Книга Дары и анафемы. Что христианство принесло в мир? (5-е изд., перераб. и доп.) - Андрей Вячеславович Кураев
Шрифт:
Интервал:
Закладка:
И все же с подпочвенными водами, через прорехи в куполе, с заходящими людьми, с фоновым излучением от соседних участков радиация проникает и сюда. Растения здесь болеют меньше, чем в незащищенных областях, но все же болеют. И здесь время от времени появляются мутанты. Когда тот или иной побег растения надежды проявляет склонность ко все тем же печальным мутациям, садовник безжалостно отрезает его и сжигает засохшие или мутировавшие колоски и ветви.
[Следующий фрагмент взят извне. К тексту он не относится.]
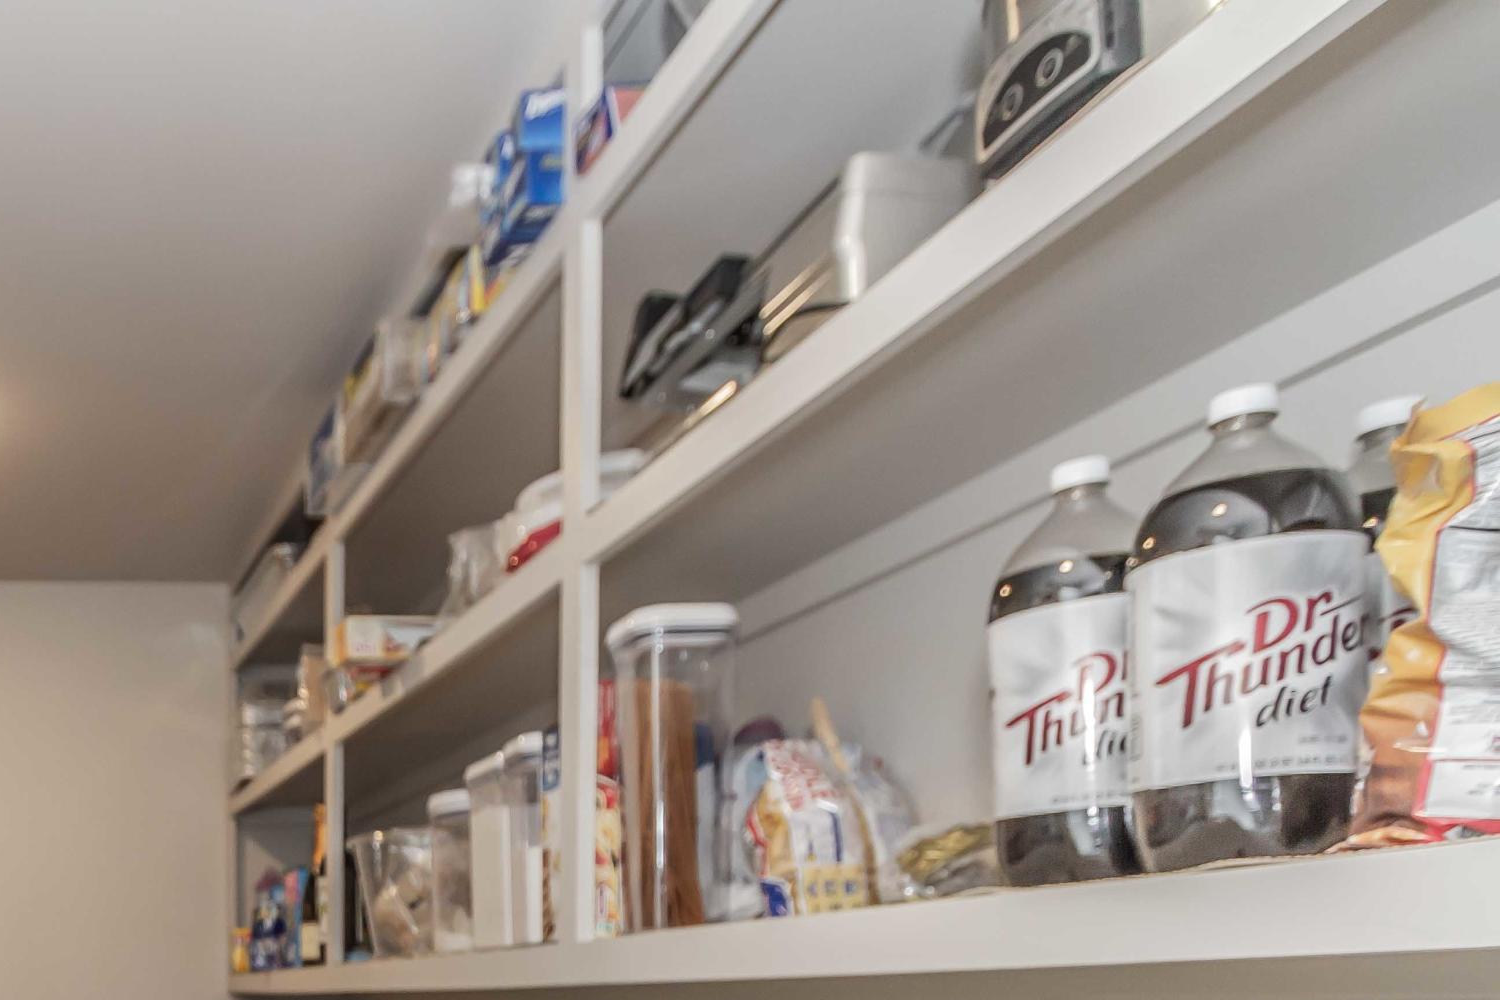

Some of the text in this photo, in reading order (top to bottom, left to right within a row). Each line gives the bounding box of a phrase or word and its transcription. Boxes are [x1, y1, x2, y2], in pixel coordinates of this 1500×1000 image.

[1246, 589, 1334, 653] Dr
[1155, 613, 1370, 728] Thunder
[1255, 675, 1334, 728] diet
Первый собранный урожай не раздается людям. Он весь высевается снова (вспомните, как создавал свой огородик Робинзон Крузо). Кто-то умирает от голода, но и ему не дается ни горстки этих драгоценных зерен. И так много поколений подряд. Пока, наконец, не будет создано семечко, настолько устойчивое к радиации, из которого можно будет сделать противоядие и исцелить все растения — и под шатром, и за его пределами — на всей земле. В конце концов среди этих первоначально многотысячных побегов одна веточка принесла тот плод, ради которого и существовало это странное земледелие. Этот плод можно вынести за пределы опытной станции и раздать всем желающим, чтобы в них, больных уже во многих поколениях, произошла новая, теперь уже добрая мутация.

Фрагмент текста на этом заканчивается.